We computed annual rates of cessation and relapse by age and sex. For example, among men who were aged 55 years in 1982, the annual cessation rate was 0.0705, and the annual relapse rate was 0.0042. We calculated a “true” relative risk for current smoking, correcting for misclassification due to cessation among the current smokers over the follow-up period. Because the rate of relapse among former smokers was so low, we did not adjust for it in our calculations. We estimated the proportion of current smokers who quit for each year of follow-up. Next, we used these proportions and the observed person-years for current smokers to calculate the number of person-years contributed by each smoking group (e.g., continuing smokers, former smokers who had quit 3–5 years previously). Then, we constructed an equation in which the observed relative risk for current smoking equaled the average “true” relative risk for current smoking plus the observed relative risk for former smoking weighted by the person-years in each group. Solving for the “true” relative risk corrected for misclassification due to change in smoking status.
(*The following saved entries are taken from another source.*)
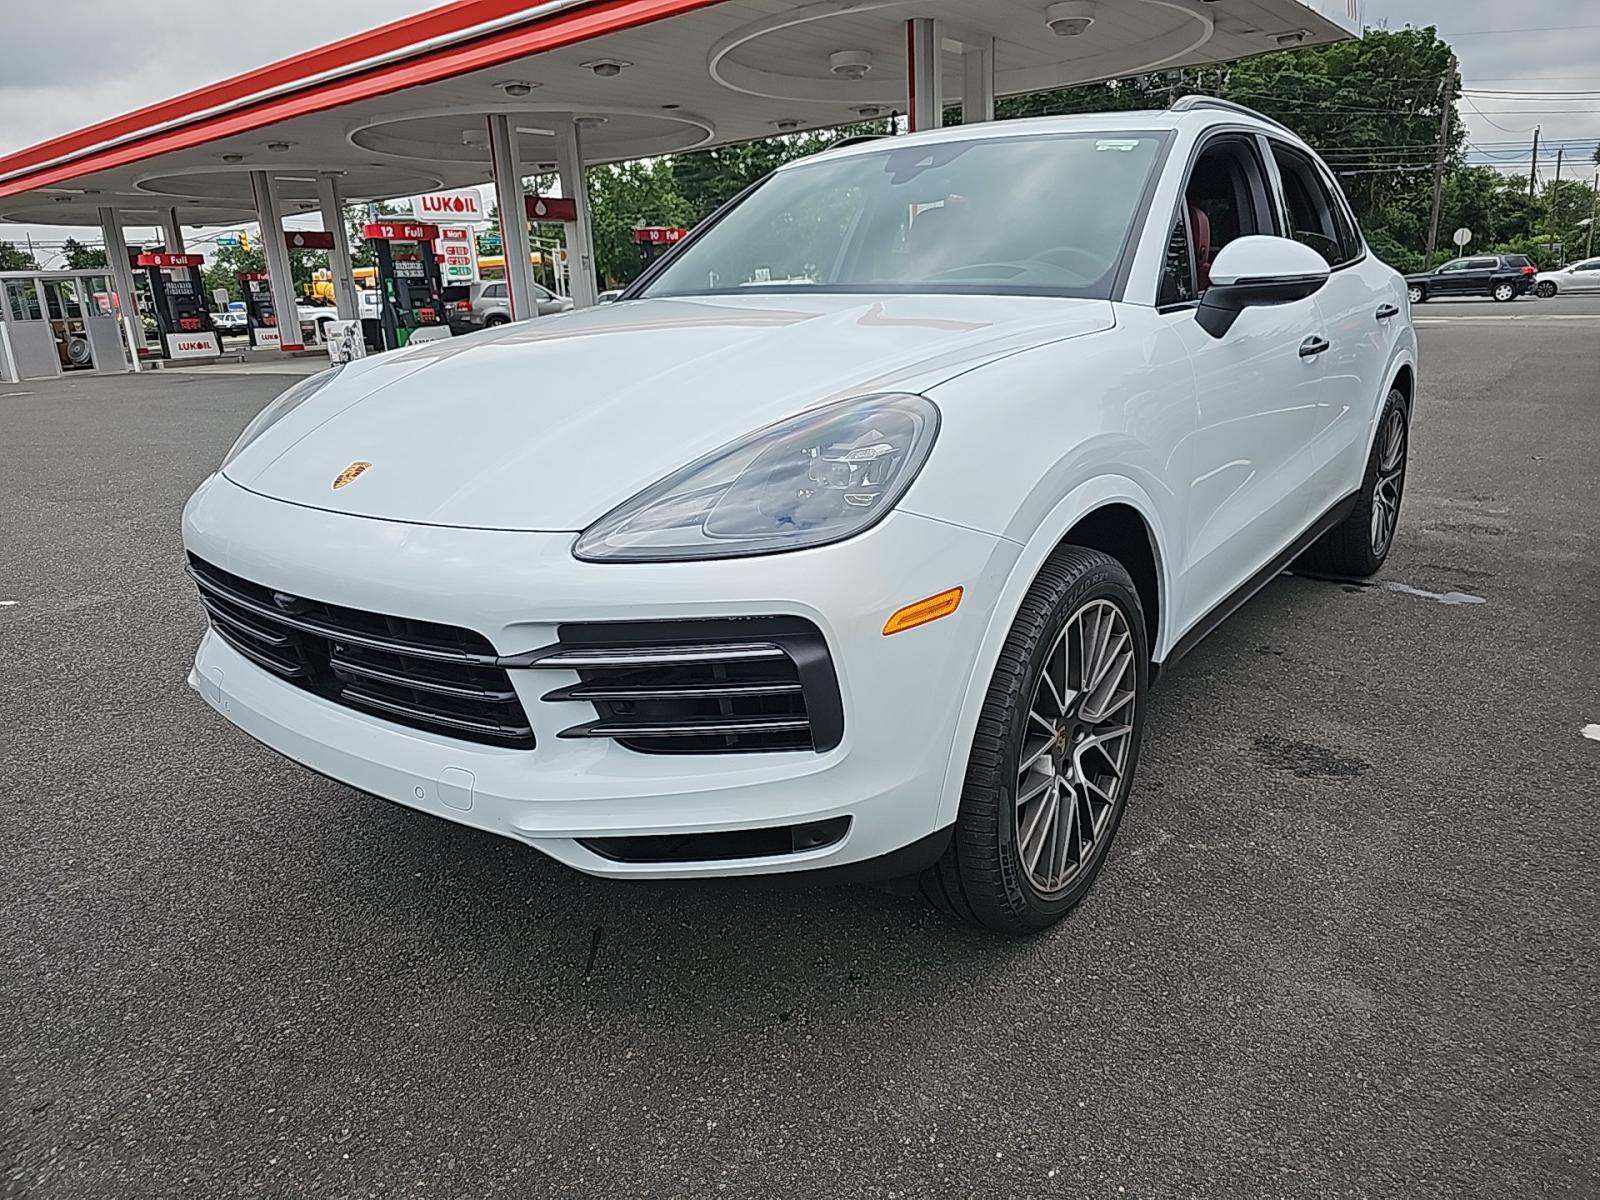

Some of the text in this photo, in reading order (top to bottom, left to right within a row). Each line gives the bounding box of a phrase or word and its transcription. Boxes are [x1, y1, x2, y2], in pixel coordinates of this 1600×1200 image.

[422, 195, 477, 212] LUKOIL
[381, 226, 423, 238] 12 Full
[650, 231, 678, 240] 10 Full
[170, 256, 187, 264] Full
[178, 341, 212, 351] LUKOIL
Estimation of Smoking-Specific Mortality Rates in the United States

US census vital statistics data allow stratification of all-cause death rates by age, race, and sex but not by smoking status. To estimate mortality by smoking status, we first calculated the relative risk of death from all causes for stratified age, race, sex, and smoking-status groups in the Cancer Prevention Study II. We then multiplied these relative risks by the observed mortality rate in the United States for the corresponding age, race, and sex group in 1990 and divided by a factor (representing the weighted average of the category-specific relative risks) to obtain estimated US mortality rates for each age, race, sex, and smoking-status group.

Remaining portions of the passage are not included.